Created 9th January, 2015 07:13 (UTC), last edited 9th January, 2015 12:43 (UTC)

Lots of shiny spheres is a staple of ray traced images :)

One of the features of AnimRay's templated code approach is that it gives you complete control over layout of the memory of the scene. This and the multi-coloured spheres image below are a test to see how memory layout affects performance.

For the coloured spheres version the memory layout for each sphere roughly corresponds to:

  • four doubles for the x/y/z location of the sphere centre.
  • one double for the glossiness or reflectivity
  • three doubles for the RGB colour.

This is a total of 64 bytes per sphere (eight doubles times eight bytes). There's no complex spacial optimisation, so the ray tracer simply goes through these in order tracking which is the first to hit any given ray.

The question I had was whether this was memory or CPU constrained. The spheres are all held in a contiguous memory block which means that the data should be being pulled from RAM at the maximum memory bandwidth. If the intersection calculation is fast enough this would lead the code to become memory rather than CPU bound.

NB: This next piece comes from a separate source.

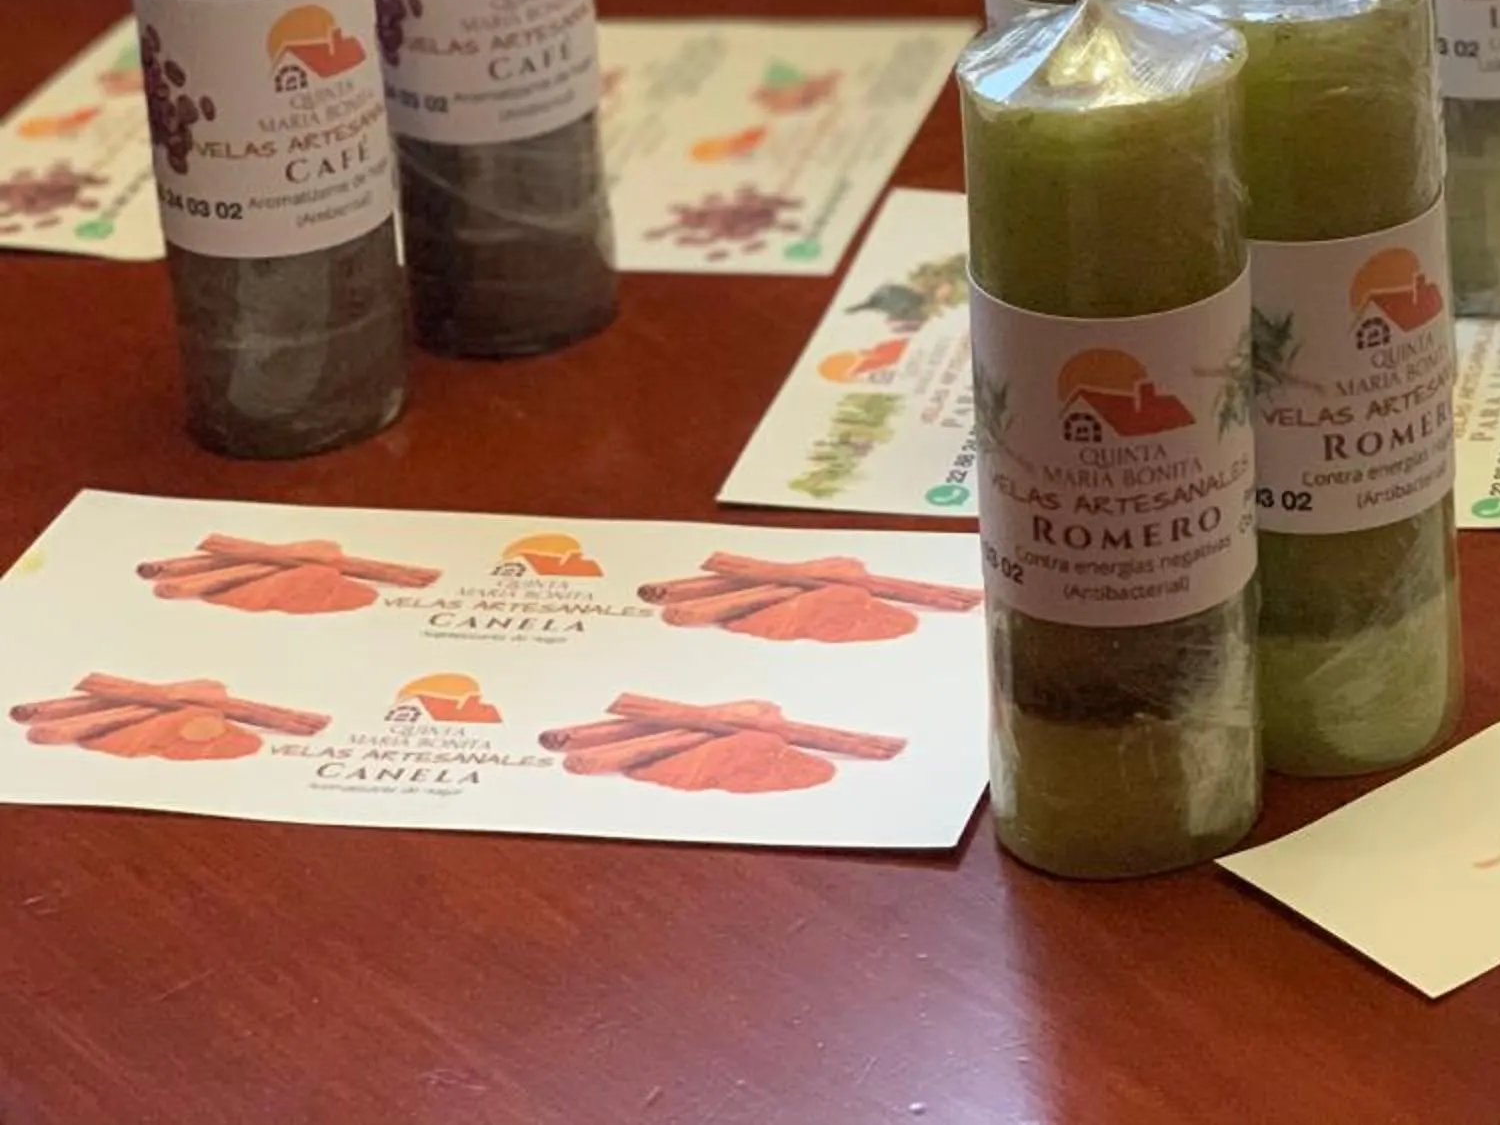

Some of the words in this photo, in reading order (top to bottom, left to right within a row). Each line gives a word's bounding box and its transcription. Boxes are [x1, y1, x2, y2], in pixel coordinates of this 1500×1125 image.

Coloured spheres This can be tested, because it turns out that to check the intersection we only care about half of the data we're pulling. The last four doubles are used for the surface colour calculations and we're only going to do surface calculation on the one sphere that is hit, not all of the misses. These white spheres was a quick and dirty way to reduce the data footprint of the data needed for the ray/sphere intersection tests. Instead of each sphere having its own surface data, the spheres are all grouped together and then the group shares the same colour information.

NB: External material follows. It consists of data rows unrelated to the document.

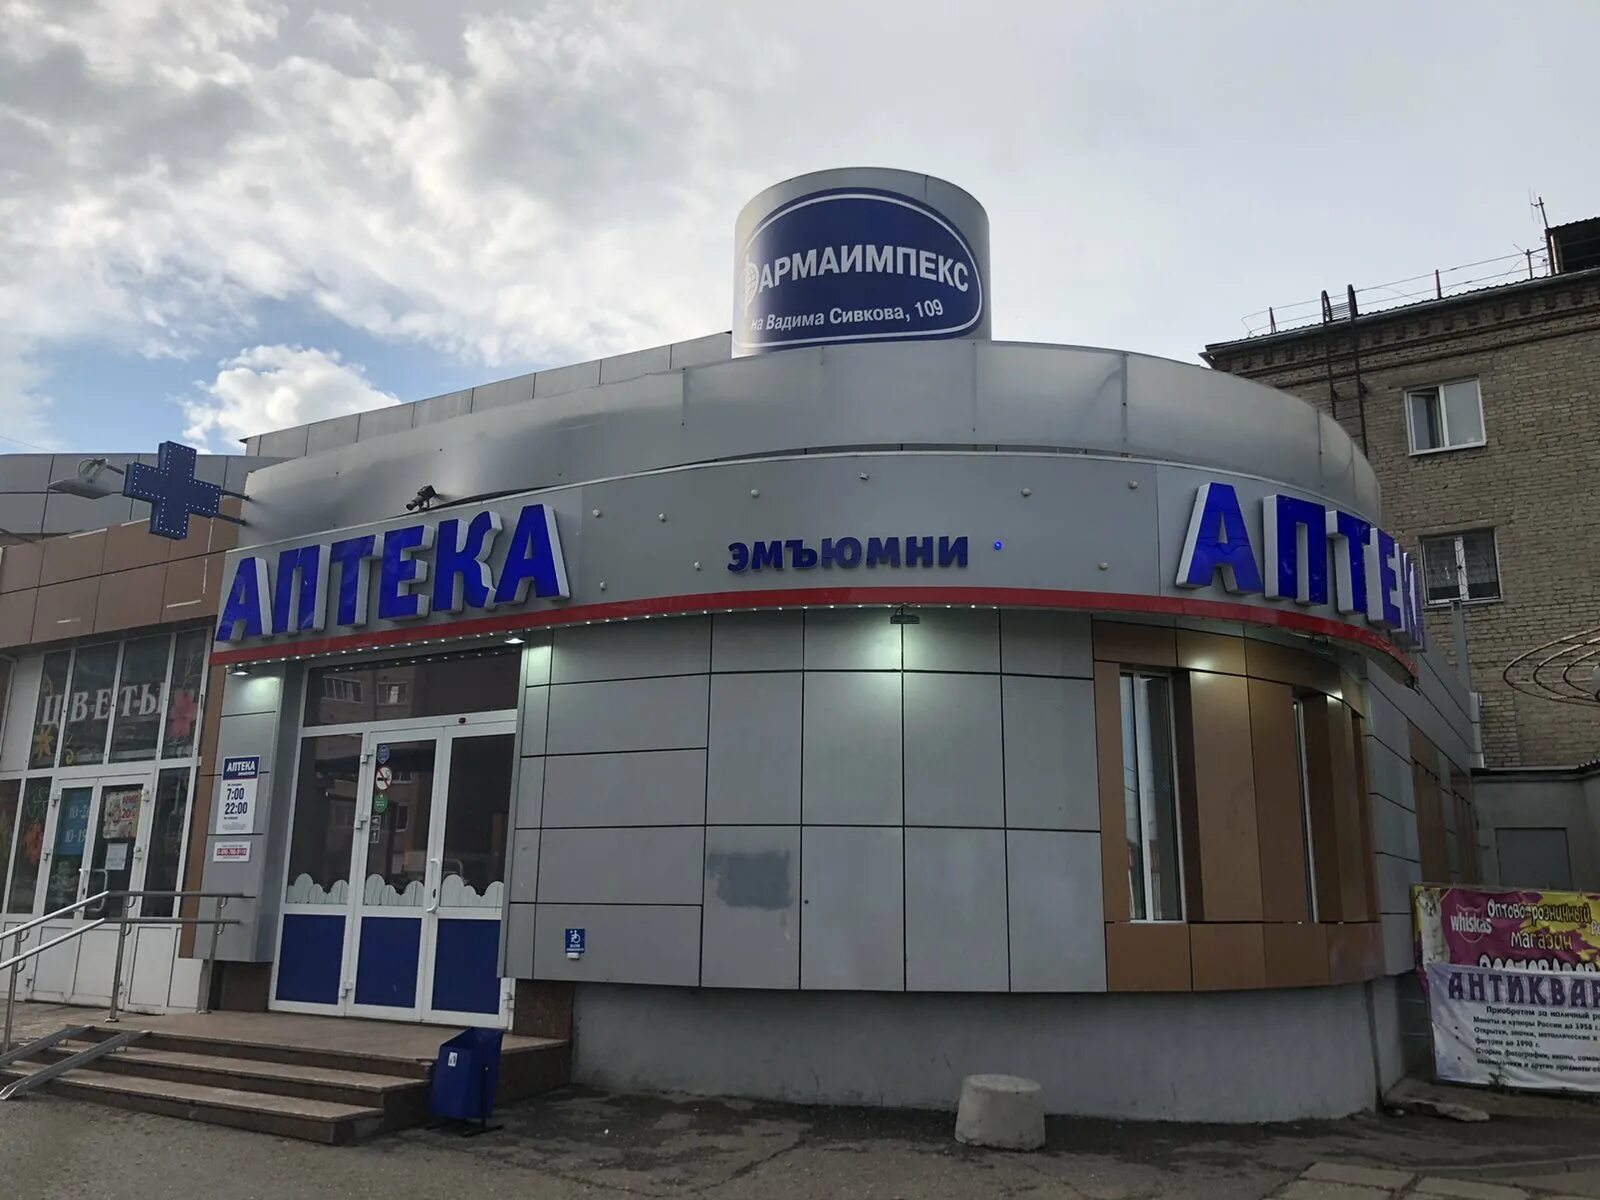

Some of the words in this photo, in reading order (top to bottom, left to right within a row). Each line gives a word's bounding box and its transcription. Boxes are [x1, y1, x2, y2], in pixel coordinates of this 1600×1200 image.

[766, 311, 825, 332] Вадима
[829, 306, 910, 324] Сивкова,
[914, 299, 944, 319] 109
[727, 535, 969, 573] ЭМЪЮМНИ
[215, 503, 571, 643] АПТЕКА
[226, 760, 256, 772] АПТЕКА
[226, 787, 245, 801] 7:00
[224, 801, 248, 815] 22:00
[1450, 912, 1493, 935] whiskas
[1487, 898, 1593, 926] Оптово-розничный

This means that the data needed is halved and it should run faster if memory bandwidth is the problem. This makes the assumption that the CPU isn't smart enough to skip the embedded colour information, a question I have no idea how to answer. In any case there is no difference in performance between the two versions which means that either the CPU is smart enough to skip data it knows the code won't read, or (far more likely to my mind) the ray/sphere intersection calculation is simply too slow and we are in fact CPU bound.